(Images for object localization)
══════════

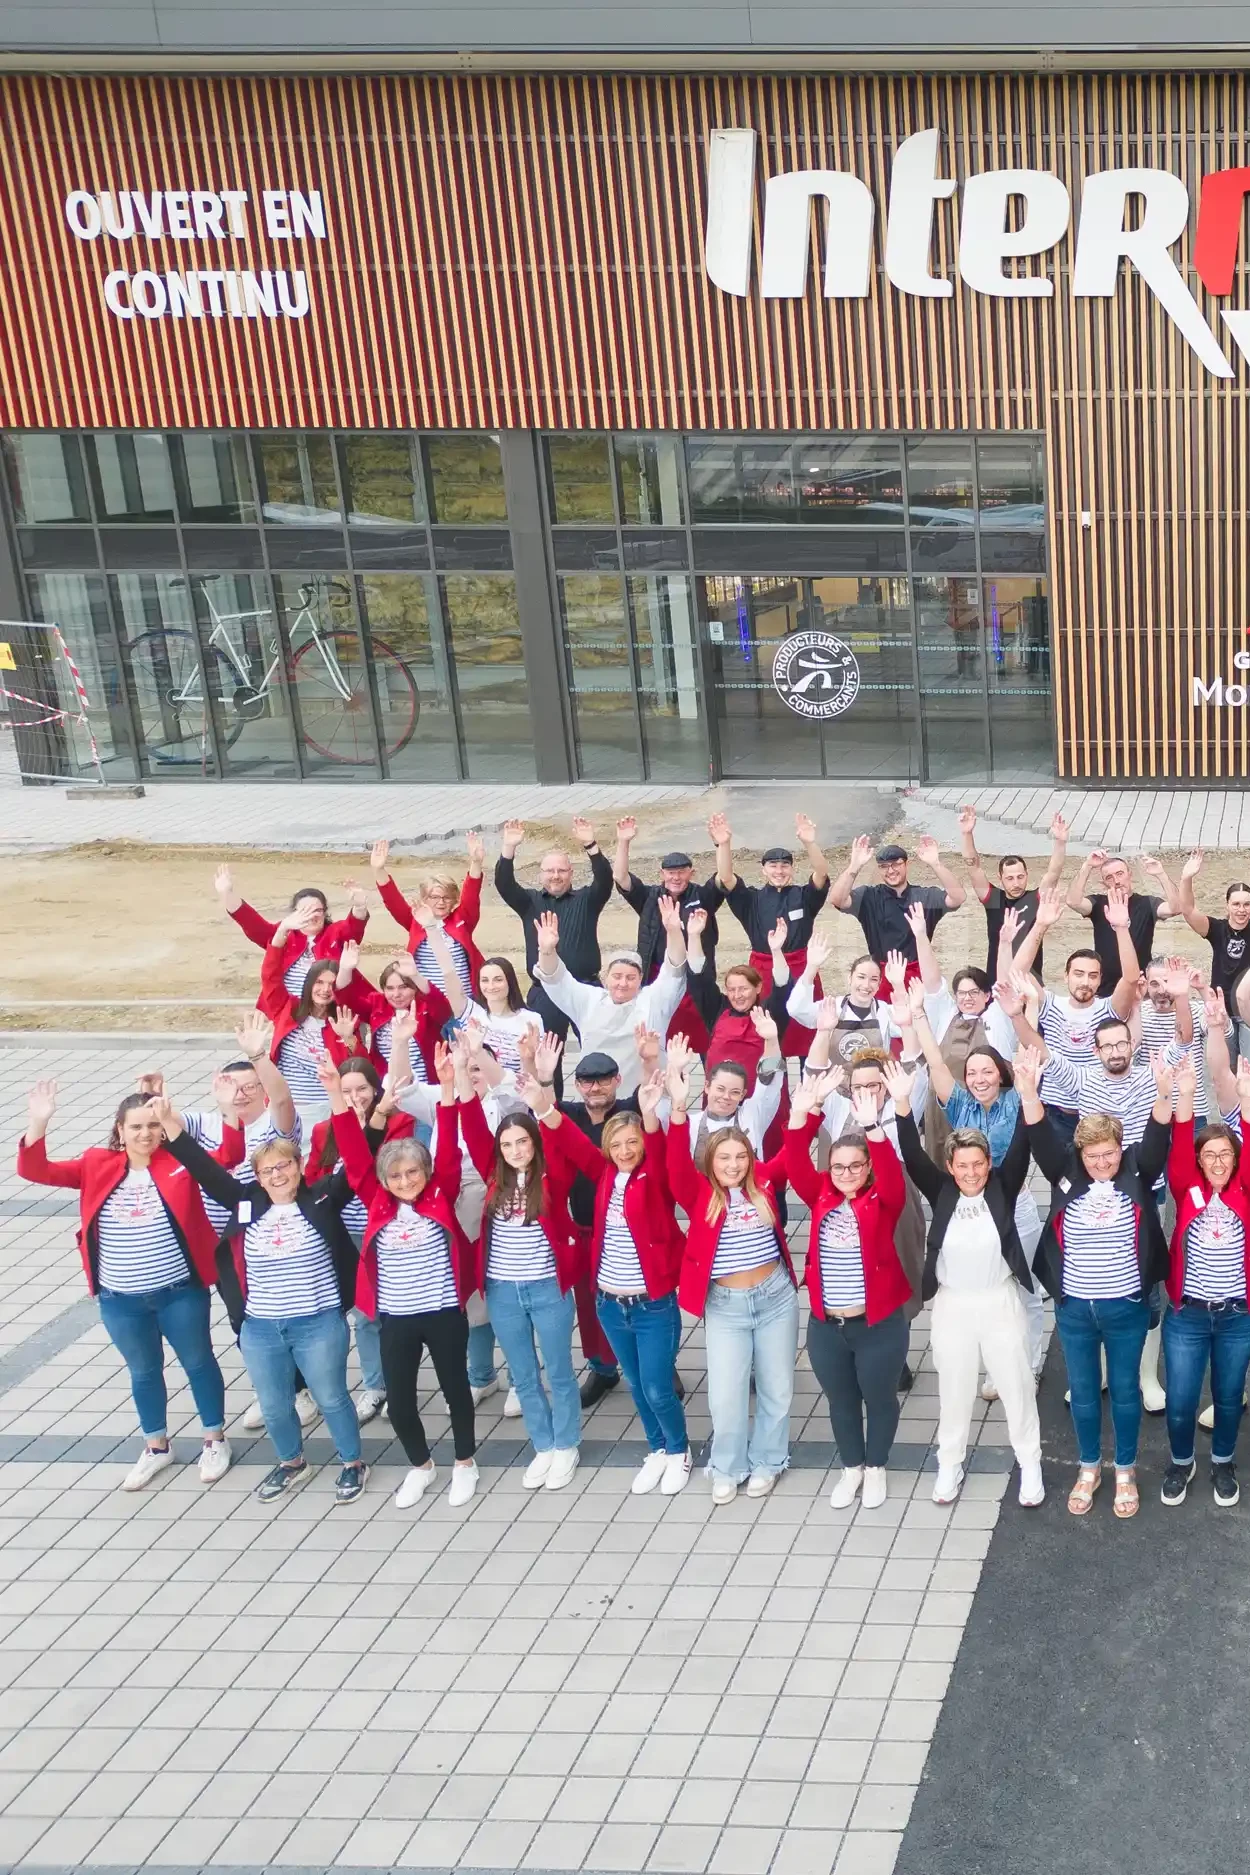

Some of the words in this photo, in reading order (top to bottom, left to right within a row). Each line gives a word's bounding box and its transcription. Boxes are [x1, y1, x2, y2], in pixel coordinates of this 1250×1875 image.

[65, 188, 249, 241] OUVERT
[263, 189, 327, 240] EN
[103, 269, 312, 320] CONTINU
[776, 634, 842, 679] PRODUCTEURS
[788, 671, 857, 716] COMMERÇANTS

══════════

TASK ITEM –
Without including any picture, retype the entries exactly.

RESPONSE BOX –
Some of the words in this photo, in reading order (top to bottom, left to right within a row). Each line gives a word's bounding box and its transcription. Boxes are [x1, y1, x2, y2], in pixel coordinates of this 1250×1875 image.

[65, 188, 249, 241] OUVERT
[263, 189, 327, 240] EN
[103, 269, 312, 320] CONTINU
[776, 634, 842, 679] PRODUCTEURS
[788, 671, 857, 716] COMMERÇANTS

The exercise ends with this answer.